In a medium sauce pan add the shallots, wine, fresh thyme sprigs, and bay leaves.
Bring this to a simmer and reduce the volume by about half. Reducing, if you don’t know, is the process of gently boiling a liquid until some of it evaporates. This is a common technique to concentrate flavors. In this case we’re reducing the wine and infusing it with the good flavors of the shallots, thyme, and bay leaves, leaving a perfect base for the sauce. By boiling the wine, the alcohol is evaporated leaving the rest of the essence of the wine. Go ahead and season the liquid with about a tsp of salt and about the same of pepper.
Once the seasoning is dissolved go ahead and strain the liquid by pouring it through a strainer into another bowl. Then pour the strained liquid back into the sauce pan and place back over a low heat and bring it back to a simmer.
Add the cream to the wine reduction and stir it in with a whisk and let the mixture come back up to almost simmering.
Have the butter chopped up into about six pieces per stick and begin to add the butter a few pieces at a time while you stir or whisk the mixture. Allow the butter to melt and incorporate before adding more.

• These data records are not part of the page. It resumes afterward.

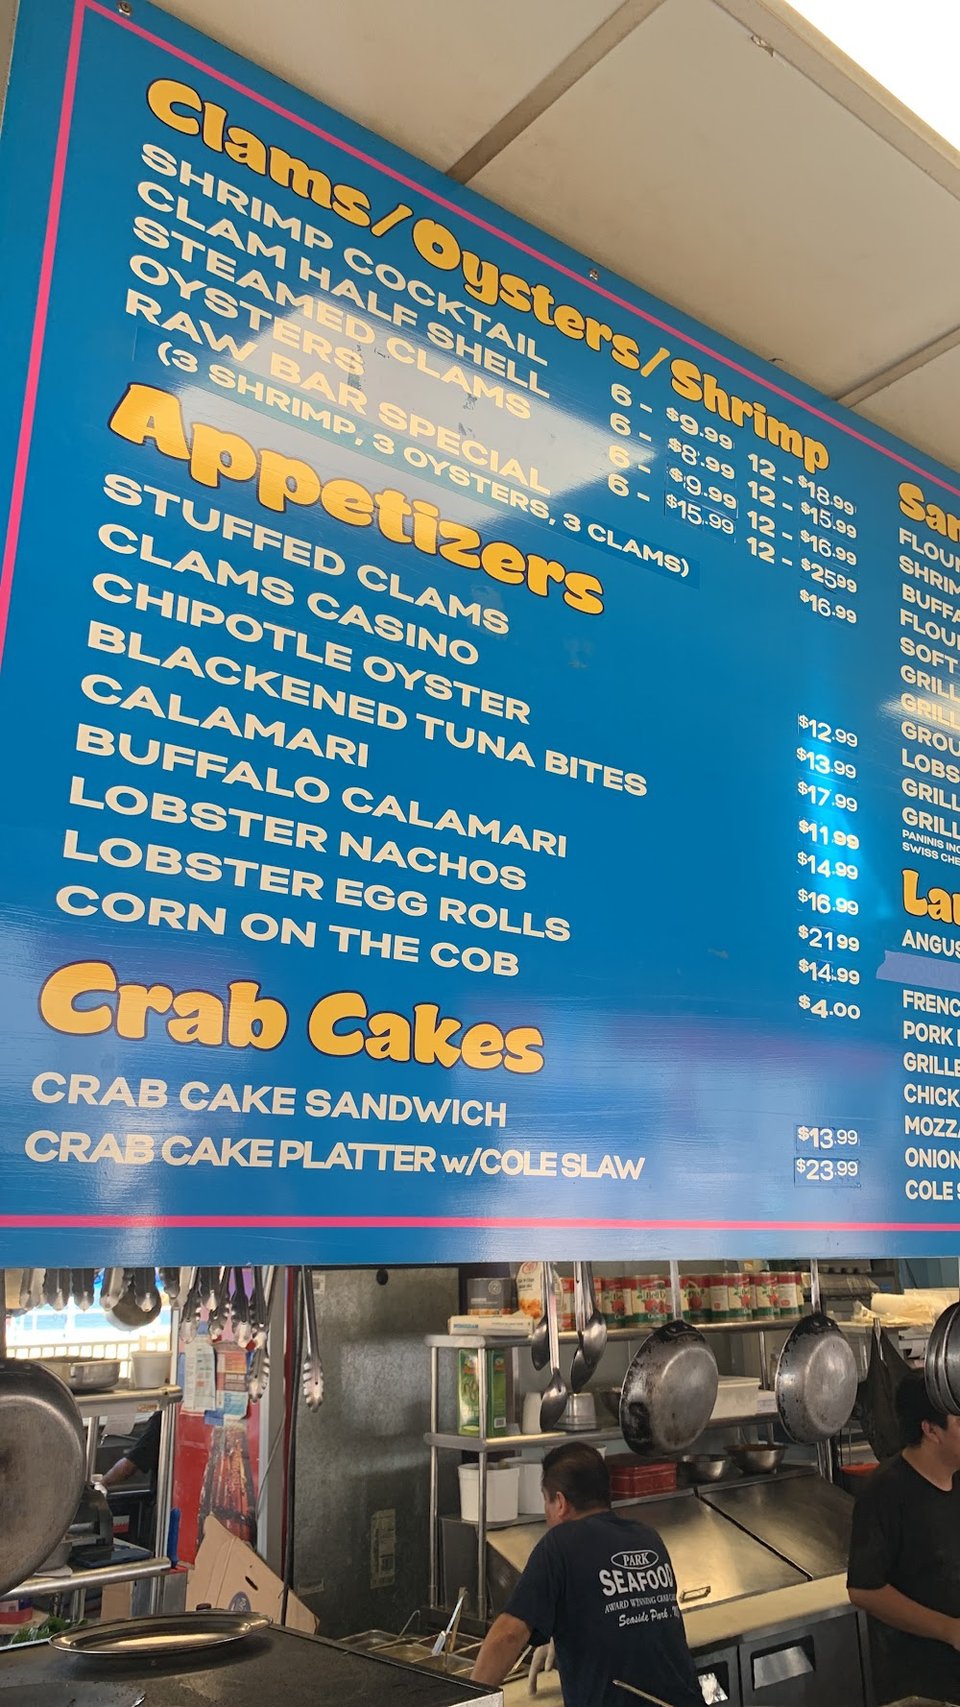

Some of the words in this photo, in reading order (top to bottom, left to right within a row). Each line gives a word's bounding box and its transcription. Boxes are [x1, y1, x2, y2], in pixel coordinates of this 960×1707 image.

[141, 144, 333, 251] SHRIMP
[343, 247, 549, 367] COCKTAIL
[137, 181, 287, 270] CLAM
[299, 264, 418, 329] HALF
[427, 322, 550, 398] SHELL
[129, 254, 365, 376] OYSTERS
[133, 216, 375, 345] STEAMED
[386, 338, 532, 420] CLAMS
[125, 288, 260, 362] RAW
[269, 352, 368, 416] BAR
[378, 402, 551, 496] SPECIAL
[157, 341, 198, 374] (3
[208, 364, 363, 447] SHRIMP,
[373, 433, 394, 455] 3
[404, 446, 557, 525] OYSTERS,
[563, 512, 581, 532] 3
[587, 523, 689, 578] CLAMS)
[611, 383, 632, 407] 6
[666, 407, 733, 450] $9.99
[747, 453, 776, 481] 12
[798, 475, 854, 516] $18.99
[610, 412, 631, 436] 6
[668, 437, 735, 480] $8.99
[747, 480, 776, 509] 12
[801, 501, 857, 539] $15.99
[107, 383, 604, 615] Appetizers
[609, 445, 630, 469] 6
[669, 467, 737, 509] $9.99
[747, 510, 775, 539] 12
[800, 529, 857, 566] $16.99
[608, 473, 629, 497] 6
[666, 494, 734, 535] $15.99
[747, 537, 775, 564] 12
[103, 473, 346, 576] STUFFED
[357, 564, 509, 634] CLAMS
[98, 523, 295, 606] CLAMS
[307, 592, 479, 665] CASINO
[800, 589, 857, 624] $16.99
[900, 608, 960, 652] FLOU
[92, 573, 353, 672] CHIPOTLE
[363, 656, 531, 725] OYSTER
[900, 637, 958, 674] SOFT
[900, 665, 960, 703] GRILL
[80, 674, 369, 768] CALAMARI
[87, 620, 407, 731] BLACKENED
[415, 713, 536, 768] TUNA
[545, 749, 648, 797] BITES
[798, 714, 858, 747] $12.99
[901, 721, 960, 757] GROU
[796, 747, 857, 779] $13.99
[902, 748, 960, 784] LOBS
[75, 723, 330, 804] BUFFALO
[341, 786, 567, 858] CALAMARI
[797, 781, 858, 812] $17.99
[902, 778, 960, 812] GRILL
[69, 775, 328, 853] LOBSTER
[339, 831, 527, 891] NACHOS
[798, 819, 860, 850] $11.99
[902, 807, 960, 840] GRILL
[902, 829, 944, 849] PANINIS
[797, 851, 858, 880] $14.99
[902, 842, 939, 860] SWISS
[62, 829, 324, 900] LOBSTER
[335, 878, 428, 917] EGG
[439, 896, 571, 942] ROLLS
[797, 888, 859, 916] $16.99
[55, 885, 227, 936] CORN
[240, 912, 317, 948] ON
[328, 924, 420, 963] THE
[430, 942, 519, 977] COB
[798, 958, 860, 985] $14.99
[38, 959, 289, 1051] Crab
[307, 990, 545, 1075] Cakes
[798, 994, 861, 1020] $4.00
[903, 989, 960, 1018] FRENC
[903, 1020, 954, 1046] PORK
[31, 1072, 168, 1109] CRAB
[179, 1081, 296, 1116] CAKE
[305, 1089, 507, 1127] SANDWICH
[903, 1083, 960, 1108] CHICK
[797, 1126, 858, 1149] $13.99
[904, 1115, 960, 1138] MOZZ
[24, 1130, 155, 1165] CRAB
[161, 1135, 274, 1168] CAKE
[278, 1140, 436, 1172] PLATTER
[905, 1147, 960, 1170] ONION
[796, 1158, 858, 1181] $23.99
[905, 1179, 954, 1200] COLE
[622, 1552, 650, 1567] PARK
[599, 1563, 674, 1597] SEAFOOD
[604, 1600, 629, 1614] AWARD

If you’re going to move on to cooking the rest of the recipe you may want to go ahead and add the chives now (the chopped up green part of the green onion). Otherwise, hold the chives until right before you serve the sauce over the plate.
In Tyler’s episode he started the puff pastry first and I’m not sure quite why. It does not take long to cook, 15 minutes, and it would be nice to have it warm on the plate when you serve it. I dutifully followed the directions and the puff pastry was done and cold long before the rest of the meal. That’s why I’m suggesting you get it ready now. No one in their right mind really makes puff pastry from scratch. It’s hard to do and it’s time consuming. Just buy it out of the freezer case at your local grocery store in a section you may be used to walking by. It’s usually next to the frozen pie crusts.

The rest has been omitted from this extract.